In order for Brantley to access the next level of her funding, a university must hire her as a tenure-track faculty member. If she doesn't find a position by July 2026, it all goes away.
And for Brantley, it's not just the money that's at stake.
"It's the promise that I could start this new research group," Brantley said. "That my research group would do something cool for the next 15 years. All the students that I could see myself training. It's like that promise is also up in the air."
The federal funding threat has already changed the future of science. Beth Sullivan is an associate dean of research training at Duke who oversees more than 600 students in the School of Medicine.
This year, Sullivan's department curtailed its PhD admissions by 25%. She said Duke wasn't the only university that had to make that decision.
"I was constantly in contact with my counterparts at other schools and some of them rescinded 25% of their offers, 15% of their offers," Sullivan said. "So young people who are trying to take the next step in their career, what has come down from the federal government has had this huge ripple effect for the future of a lot of individuals across the nation and also internationally."
Sullivan said it is even more difficult for international students, who are facing mounting barriers from the federal government.
"27% of the students that we accepted for this fall class are international and there are a lot of question marks around that," Sullivan said. "We don't even know if they're going to be able to get here. The domino effect is even extending beyond our borders and it's impacting not just the national pipeline for research, but the international pipeline for research."
For PhD student Rueckert, the Michigan postdoc opportunity is her ideal appointment. The lab's focus fits her research interest and she'd finally be able to live near her family again. However, she's been brainstorming contingency plans in case her position falls through.
One of the most recent ideas she has started to think about is pursuing a postdoc outside of the United States.
"Whether it's the sort of general uncertainty or those very scary things where individual universities could be targeted, to just sort of not have to live with that," Rueckert said. "If you were in a foreign place, a different country, going to do research abroad – it's much less likely that you would have those worries."
Rueckert wants to someday run her own public research lab, similar to Brantley's dream.

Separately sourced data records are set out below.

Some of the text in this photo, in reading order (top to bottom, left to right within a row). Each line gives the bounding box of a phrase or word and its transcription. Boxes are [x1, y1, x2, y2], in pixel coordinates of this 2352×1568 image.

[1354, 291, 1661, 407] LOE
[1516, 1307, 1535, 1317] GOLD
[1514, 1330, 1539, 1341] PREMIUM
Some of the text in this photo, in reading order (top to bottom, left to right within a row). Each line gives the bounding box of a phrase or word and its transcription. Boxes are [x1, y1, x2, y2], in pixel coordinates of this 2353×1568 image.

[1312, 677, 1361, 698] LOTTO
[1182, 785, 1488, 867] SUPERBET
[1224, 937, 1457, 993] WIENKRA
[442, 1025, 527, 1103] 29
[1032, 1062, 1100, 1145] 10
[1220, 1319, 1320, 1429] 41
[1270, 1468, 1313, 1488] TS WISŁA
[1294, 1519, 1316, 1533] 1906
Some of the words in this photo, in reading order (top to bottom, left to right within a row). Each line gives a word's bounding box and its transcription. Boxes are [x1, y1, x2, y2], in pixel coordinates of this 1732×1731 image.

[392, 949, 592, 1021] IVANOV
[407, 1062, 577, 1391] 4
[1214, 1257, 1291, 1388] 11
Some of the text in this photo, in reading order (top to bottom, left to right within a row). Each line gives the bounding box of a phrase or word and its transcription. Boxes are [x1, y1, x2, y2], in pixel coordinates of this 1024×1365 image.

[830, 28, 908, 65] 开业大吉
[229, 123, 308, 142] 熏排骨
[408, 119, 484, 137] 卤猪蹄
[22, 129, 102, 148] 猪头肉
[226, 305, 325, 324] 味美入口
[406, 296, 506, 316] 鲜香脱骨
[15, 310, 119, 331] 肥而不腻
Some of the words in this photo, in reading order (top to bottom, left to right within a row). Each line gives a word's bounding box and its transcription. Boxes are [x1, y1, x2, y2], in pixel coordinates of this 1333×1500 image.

Brantley said she's not sure what her future will look like if she isn't able to get a tenure-track position.
"Probably what I would do is teach or see what other sort of jobs there are?" Brantley said. "I don't know though, I haven't looked. I haven't looked around. I'll worry about that at the end of the year. I think I'll have a better idea in December of what the outlook is going to be. I can't really, I don't have time to think about anything else than it working out."
Both Brantley and Rueckert are taking a 'wait and see' approach until the final federal budget passes. They're hoping public support for research turns things around by the fall.
"This is a very, very unfortunate position to be in, but also we're all in science in this position," Rueckert said. "I still have my day-to-day things that I have to accomplish here. So, I can't be totally paralyzed with all of that in between unease, because I have things I have to do here."